Too Secret Service: Part Two
Page 2
Wayne blinked, as surprised at her speed as she was at his. “You’re fast,” he admitted.
“You’re not bad either,” she told him, not taking her arm away.
Wayne studied her for the first time. She was a brunette with what he could’ve considered to be an extremely light tan. She had wonderful cheekbones, and slightly almond-shaped eyes. They both locked eyes for a moment, neither one moving.
“Has anyone told you you’re quite stunning?” Wayne softly asked, slowly lowering his arm.
“They usually don’t get that far, honestly,” she answered, doing the same. “The last one who did never came out of that coma.”
Wayne nodded. “He must have been a lucky man if his last sight was of you.”
“Actually, his last sight was of the bathroom fixtures.”
Wayne nodded again.
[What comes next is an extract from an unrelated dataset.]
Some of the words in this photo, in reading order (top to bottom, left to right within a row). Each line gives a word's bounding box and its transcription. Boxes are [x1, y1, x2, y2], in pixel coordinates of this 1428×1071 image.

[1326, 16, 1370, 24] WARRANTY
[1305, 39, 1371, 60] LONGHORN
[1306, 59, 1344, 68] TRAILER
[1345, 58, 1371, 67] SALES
What the heck was the matter with him? He picked up his white bulletproof vest and slipped it around his chest, once again trying to process the mysterious information left behind by the enemy courier. He tightened the Velcro straps. Catherine tossed him his shirt. He snatched it out of the air without looking at it. He strung his arms through the sleeves, straightening the shirt as he walked back toward the table. He looked down at the fifteen pictures. Nothing in the pictures could tell him where they’d been taken.
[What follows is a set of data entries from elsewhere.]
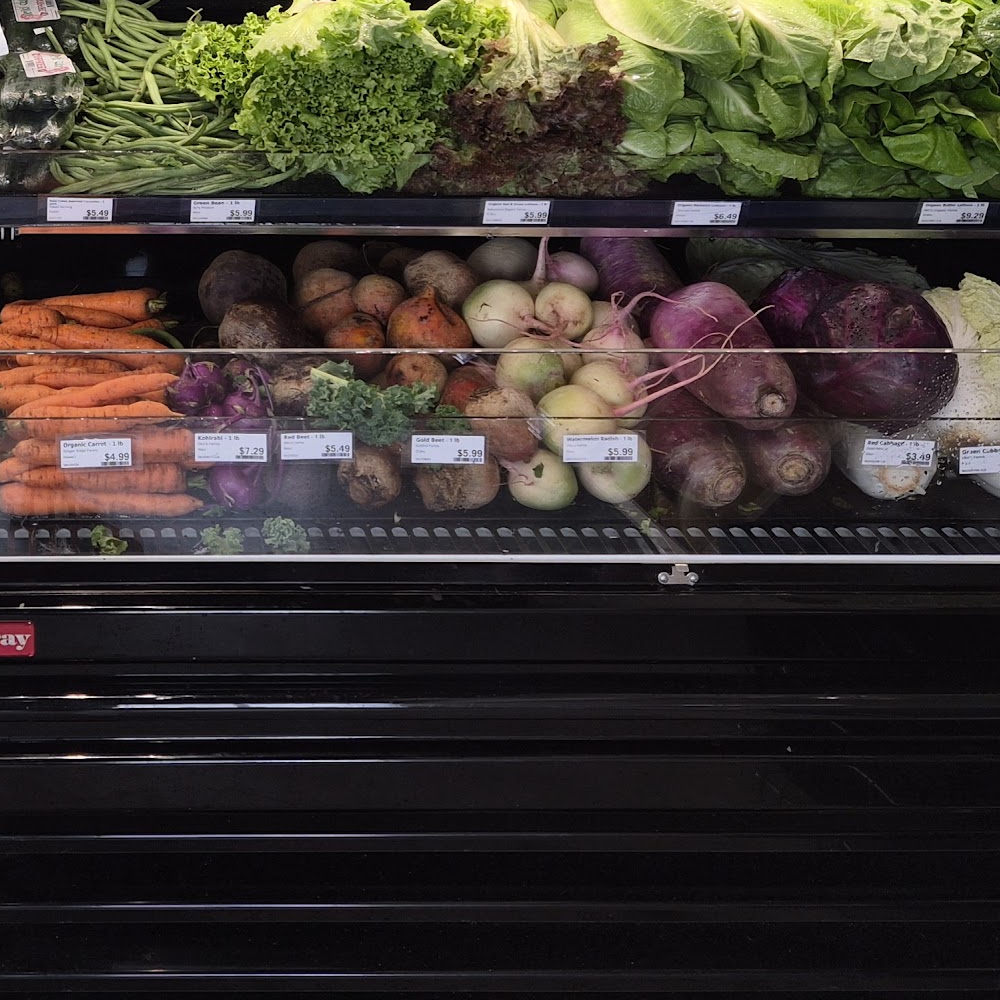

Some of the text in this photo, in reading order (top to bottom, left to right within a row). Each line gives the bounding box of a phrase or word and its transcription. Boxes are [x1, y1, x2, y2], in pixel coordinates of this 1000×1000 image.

[961, 212, 984, 220] $9.29
[239, 447, 265, 455] $7.29
[325, 445, 350, 453] $5.49
[608, 448, 634, 456] $5.99
[104, 452, 130, 461] $4.99
[457, 449, 483, 458] $5.99
[906, 452, 931, 461] $3.49
Williams shifted his glance toward the picture Catherine had picked up. The white backside of the picture stood out against the dark wood oak of the table, and against the white… against the white! Wayne turned over the other cards. Nothing else, only that one piece….
“We’re going to London,” he said.
“What makes you say that?” Catherine asked, strolling over to him.
He handed her the photo, backside forward. “The brackets in pink on the back. The numbers inside are the area code for a section of London.”
She looked at the numbers. “How could you know?”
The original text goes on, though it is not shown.